Гали выступает в центр, чтобы показать. Саймон стоит, руки на груди.
— Всё, — объясняет Гали, глядя на танцоров, — всё взаимосвязано. Смотрите. — Он становится в четвёртую позицию и приседает. — Вот с чего начинается подготовка. Вот что главное. Грудная клетка и бёдра работают как одно целое. Колени и подушечки пальцев — тоже. В теле есть стержень, есть целостность, понятно?
И когда я отталкиваюсь, — подняв ногу, он поворачивается, — моё движение цельно. Непринуждённо.

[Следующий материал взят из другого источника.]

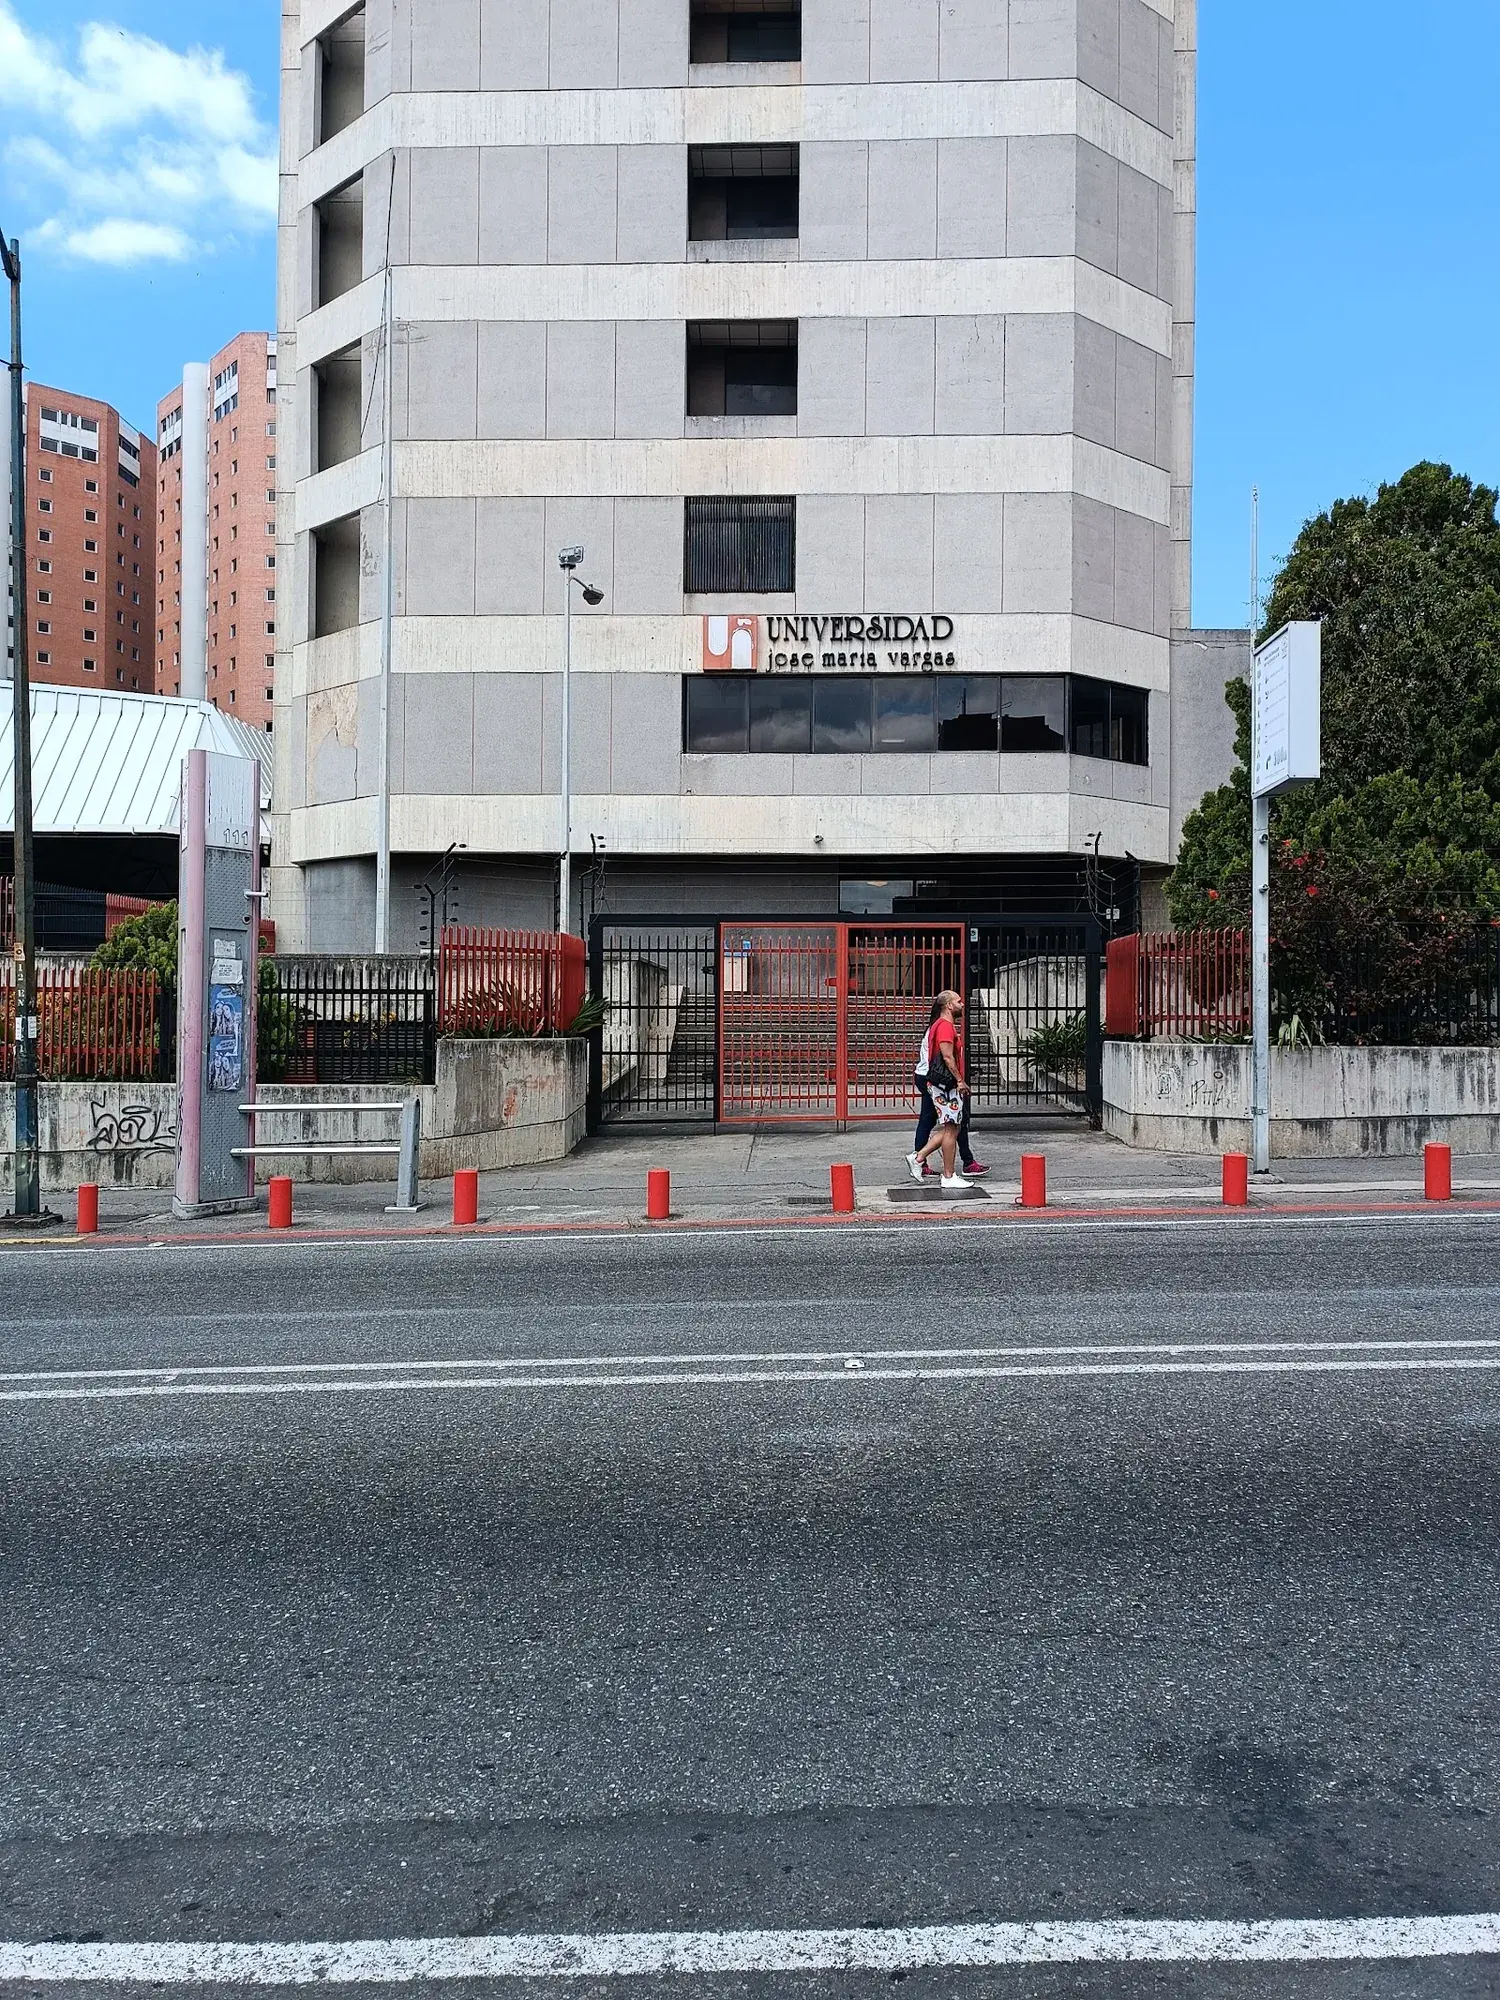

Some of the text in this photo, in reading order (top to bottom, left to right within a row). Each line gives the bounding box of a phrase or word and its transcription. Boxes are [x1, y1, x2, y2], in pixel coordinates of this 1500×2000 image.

[766, 615, 954, 642] UNIVERSIDAD
[765, 648, 815, 672] jose
[887, 651, 956, 673] vargas
[223, 827, 249, 846] 111

Томми, мальчик-звезда из Англии, ловит взгляд Саймона. «Непринуждённо?» — шепчет он одними губами, и Саймон ухмыляется. Томми прыгун, фуэте — его слабое место, и он охотно сочувствует Саймону.
Гали всё кружится.
— Контроль, — продолжает он, — рождает свободу. Напряжение рождает гибкость. Ствол, — приложив руку к корпусу, другой рукой он указывает на выпрямленную ногу, — рождает ветви.
Глубоко присев, он поднимает раскрытую ладонь: видите?
Саймон всё видит, но поди повтори. После занятий Томми, обняв Саймона за плечи, идёт с ним в раздевалку, постанывая на ходу. Роберт косится на них. Дождь бьёт в стёкла, но в раздевалке жарко от потных тел, почти все танцоры без рубашек. Когда Саймон уходит обедать с Томми и Бо, Роберт остаётся.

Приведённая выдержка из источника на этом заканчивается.